## Exercise aim
Extract the records below word for word and ignore the images.
*** Listed records ***
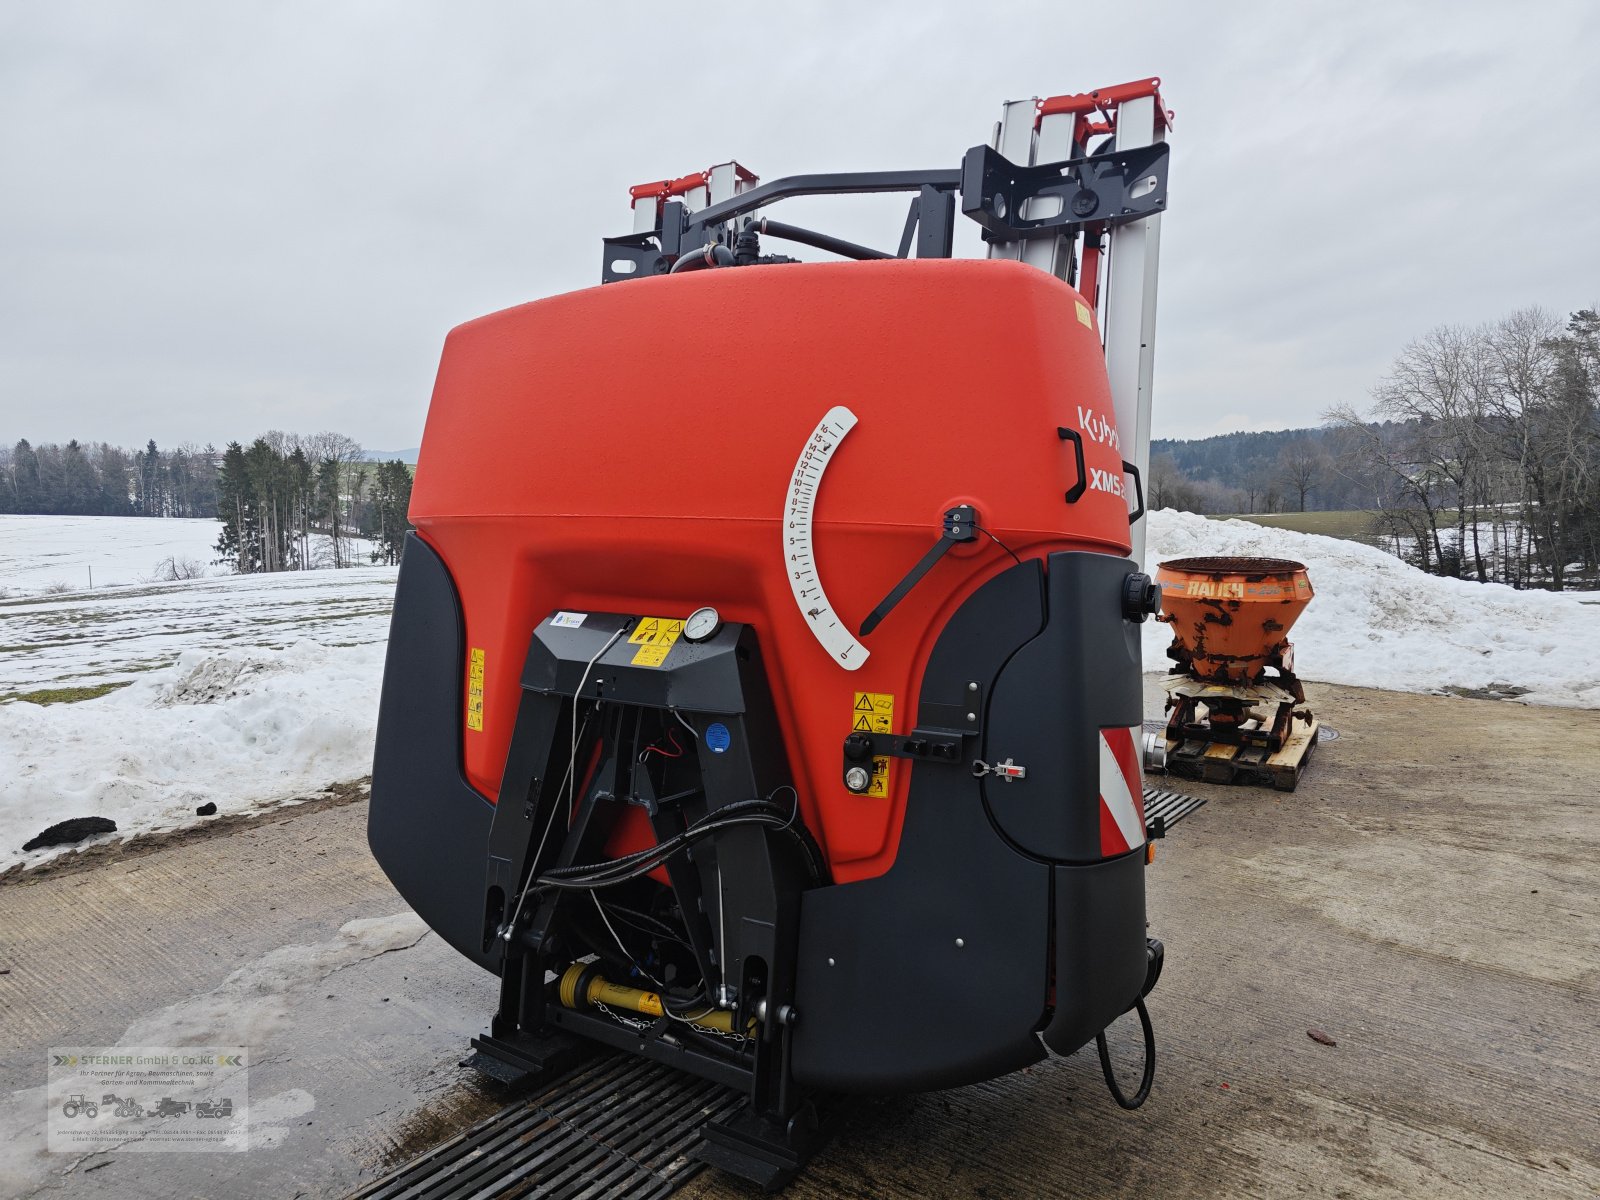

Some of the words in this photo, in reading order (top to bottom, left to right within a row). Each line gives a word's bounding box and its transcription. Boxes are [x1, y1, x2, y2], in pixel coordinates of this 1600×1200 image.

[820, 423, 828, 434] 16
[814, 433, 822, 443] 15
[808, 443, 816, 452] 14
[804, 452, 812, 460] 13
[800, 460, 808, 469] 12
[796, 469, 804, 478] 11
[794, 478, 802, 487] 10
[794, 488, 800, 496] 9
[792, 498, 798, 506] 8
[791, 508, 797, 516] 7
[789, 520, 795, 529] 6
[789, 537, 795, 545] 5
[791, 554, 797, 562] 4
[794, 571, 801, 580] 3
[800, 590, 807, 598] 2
*** End of Listed records ***
## Answer to this exercise
Some of the words in this photo, in reading order (top to bottom, left to right within a row). Each line gives a word's bounding box and its transcription. Boxes are [x1, y1, x2, y2], in pixel coordinates of this 1600×1200 image.

[820, 423, 828, 434] 16
[814, 433, 822, 443] 15
[808, 443, 816, 452] 14
[804, 452, 812, 460] 13
[800, 460, 808, 469] 12
[796, 469, 804, 478] 11
[794, 478, 802, 487] 10
[794, 488, 800, 496] 9
[792, 498, 798, 506] 8
[791, 508, 797, 516] 7
[789, 520, 795, 529] 6
[789, 537, 795, 545] 5
[791, 554, 797, 562] 4
[794, 571, 801, 580] 3
[800, 590, 807, 598] 2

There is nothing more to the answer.